* Material supplied:
* * *

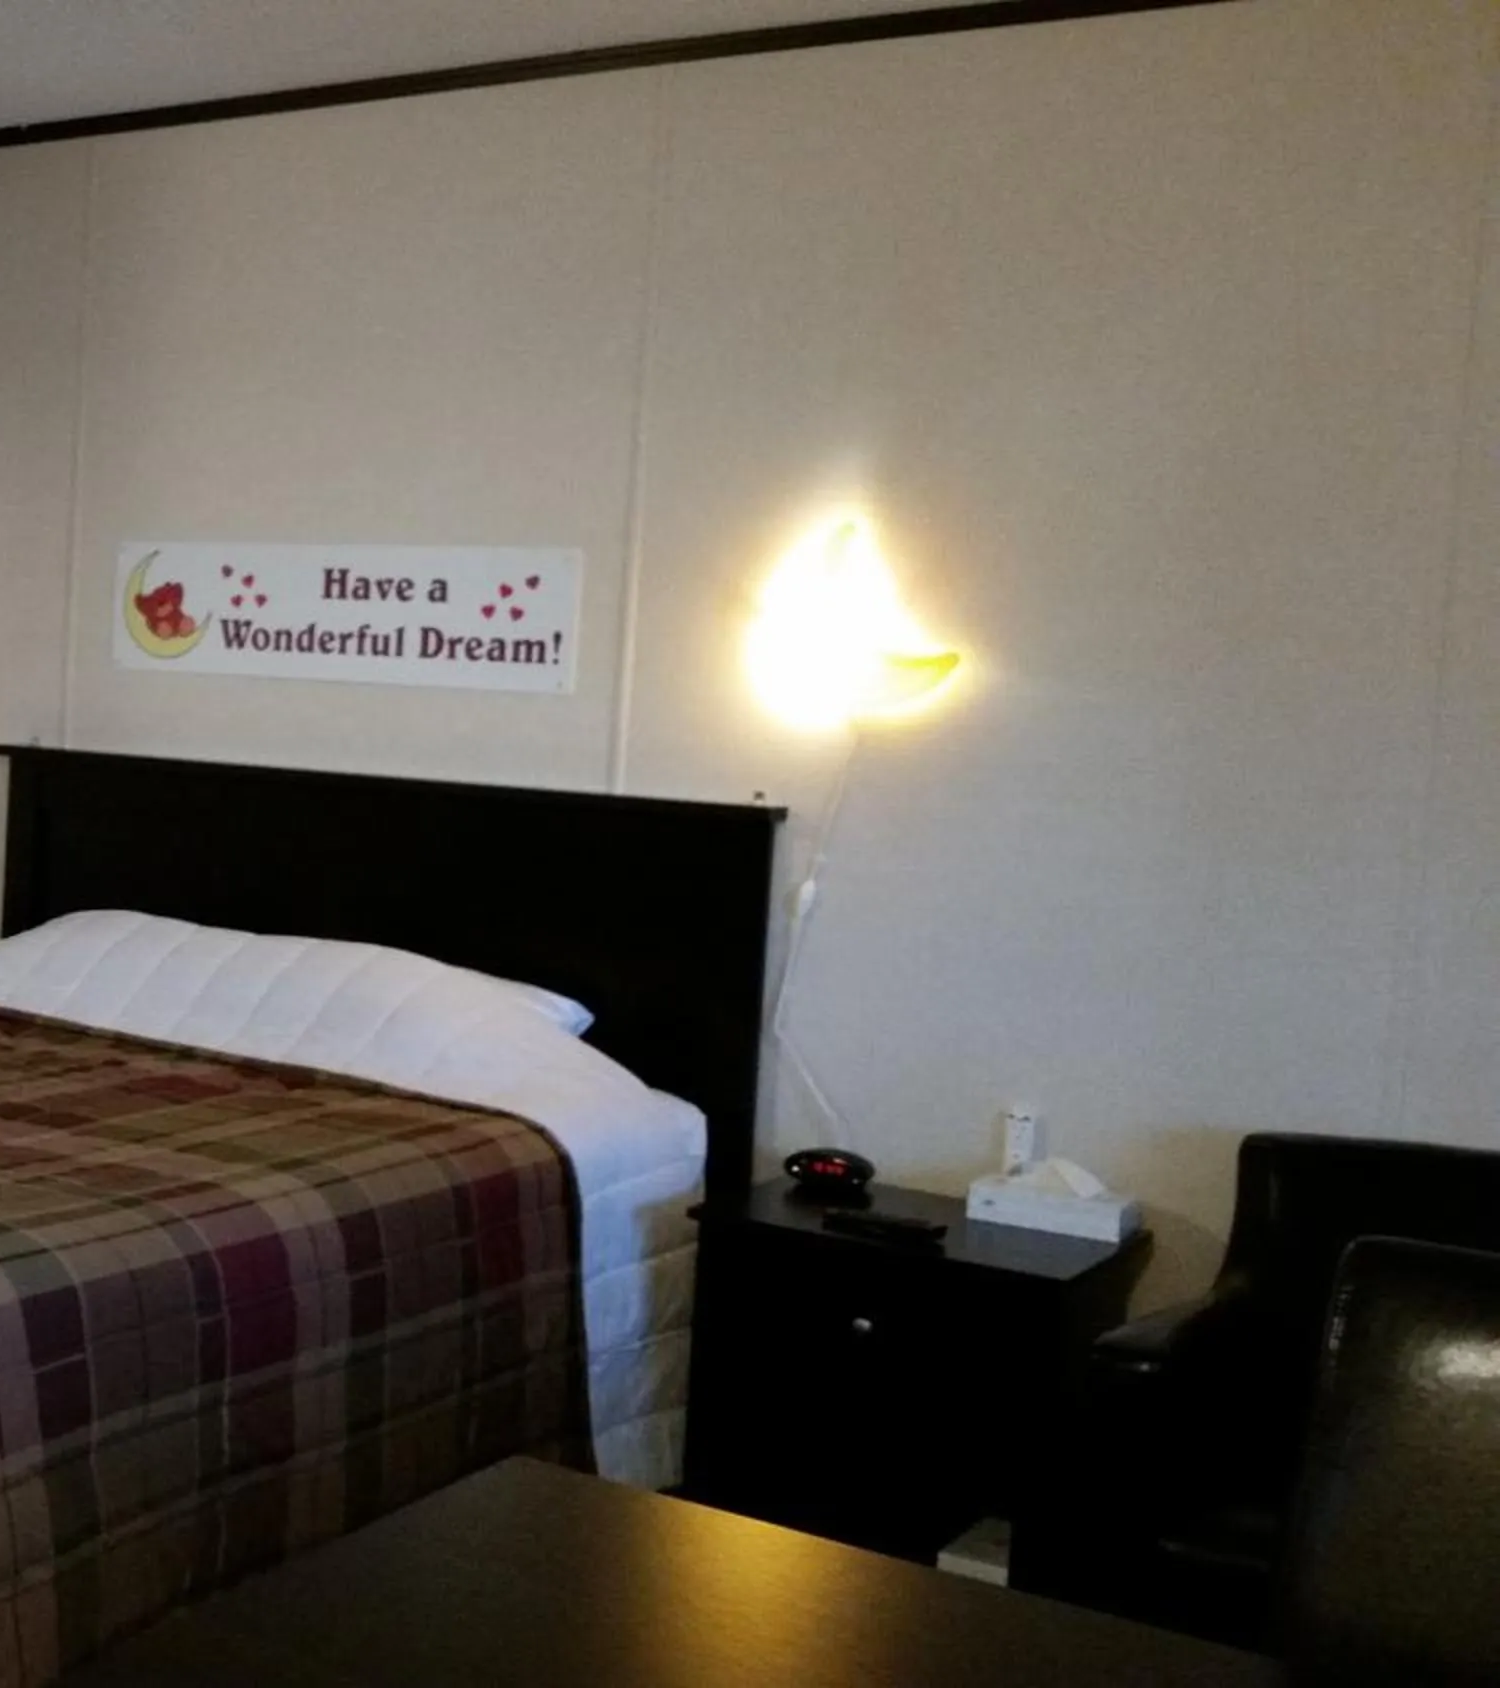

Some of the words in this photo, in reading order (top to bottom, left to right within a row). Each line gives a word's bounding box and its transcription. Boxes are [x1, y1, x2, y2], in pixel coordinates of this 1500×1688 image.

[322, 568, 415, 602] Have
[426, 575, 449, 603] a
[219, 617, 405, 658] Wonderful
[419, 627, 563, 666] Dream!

* * *

* Problem requirements: What's needed is an exact retyping of the records, pictures excluded.

* Exercise answer:
Some of the words in this photo, in reading order (top to bottom, left to right within a row). Each line gives a word's bounding box and its transcription. Boxes are [x1, y1, x2, y2], in pixel coordinates of this 1500×1688 image.

[322, 568, 415, 602] Have
[426, 575, 449, 603] a
[219, 617, 405, 658] Wonderful
[419, 627, 563, 666] Dream!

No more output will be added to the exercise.